The Lehman Trilogy

New York Stock Exchange

Thursday’s avocado-knife fight was only the beginning of the trauma that I would have to endure that day. Thursday night featured dinner and a show. The show was The Lehman Trilogy, the opening play for this year’s season at the Rep. The Lehman Trilogy ran three and a half hours, plus two fifteen-minute intermissions, for a total running time of four hours. By the end of it, both my pinky and my butt were sore. This three-act play was portrayed by just three actors, who portrayed the original three Lehman brothers and all of their subsequent descendants, plus everyone else. It begins in the 1840s with the arrival from Germany to America of the Jewish Lehman brothers. They promptly setup shop in Alabama and after a few iterations begin making money as cotton traders, or basically middlemen. Except for the oldest brother dying from Yellow Fever—freeing that actor to play other roles—everything is going fine until the Civil War. Slavery and the Lehman brothers’ involvement with it is pretty much glossed over. End act one.

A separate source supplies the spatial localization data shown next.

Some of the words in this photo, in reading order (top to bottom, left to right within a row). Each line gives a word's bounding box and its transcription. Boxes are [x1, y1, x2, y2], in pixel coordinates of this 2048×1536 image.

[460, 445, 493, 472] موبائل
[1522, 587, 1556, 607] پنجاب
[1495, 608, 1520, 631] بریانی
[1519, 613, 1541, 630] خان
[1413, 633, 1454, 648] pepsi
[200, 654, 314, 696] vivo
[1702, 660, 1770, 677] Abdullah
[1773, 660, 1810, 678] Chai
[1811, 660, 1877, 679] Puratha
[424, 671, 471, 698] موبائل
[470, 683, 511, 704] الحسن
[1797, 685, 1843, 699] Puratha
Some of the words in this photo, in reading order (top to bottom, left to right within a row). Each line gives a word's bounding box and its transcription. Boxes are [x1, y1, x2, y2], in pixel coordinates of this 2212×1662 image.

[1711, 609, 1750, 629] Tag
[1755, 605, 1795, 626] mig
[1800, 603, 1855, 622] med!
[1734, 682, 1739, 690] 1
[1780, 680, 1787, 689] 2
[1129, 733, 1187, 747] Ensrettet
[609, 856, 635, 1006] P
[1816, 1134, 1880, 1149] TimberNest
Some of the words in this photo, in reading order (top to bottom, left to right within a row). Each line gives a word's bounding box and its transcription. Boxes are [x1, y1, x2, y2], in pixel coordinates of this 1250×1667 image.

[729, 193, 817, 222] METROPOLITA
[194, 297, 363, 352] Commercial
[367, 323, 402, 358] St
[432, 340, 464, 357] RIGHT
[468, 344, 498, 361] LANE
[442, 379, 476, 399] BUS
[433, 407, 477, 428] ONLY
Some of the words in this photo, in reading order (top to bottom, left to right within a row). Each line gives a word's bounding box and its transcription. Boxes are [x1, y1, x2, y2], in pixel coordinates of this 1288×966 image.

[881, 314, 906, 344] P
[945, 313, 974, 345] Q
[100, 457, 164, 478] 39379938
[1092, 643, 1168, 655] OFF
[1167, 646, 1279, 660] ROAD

After the Civil War the two remaining Lehmen brothers transition from cotton to banking and move to New York. Banking is now their business and business is very good and the family flourishes. At least until 1929 and the stock market crash. By that time, we have moved on to the second generation of Lehman brothers and the third act. The play sort of ends in the sixties, with the retirement of the last Lehman family member. In sort of an epilogue non-family members take over management of the company and eventually run it into bankruptcy.

The Lehman Trilogy was written during the pandemic, when we all had too much time on our hands. The play’s author apparently was in quarantine and had no access to an editor. When we went to see this behemoth, the house was very small. Almost the same size as the houses for the few shows that were performed during the pandemic, where limited and spaced-out seating was dictated to help slow the spread of disease. No such considerations were present for this performance. Having received the twin blows of the pandemic and the retirement of its long-time artistic director Steven Wolf, I am concerned that The Rep, like Lehman might eventually fail and then disappear.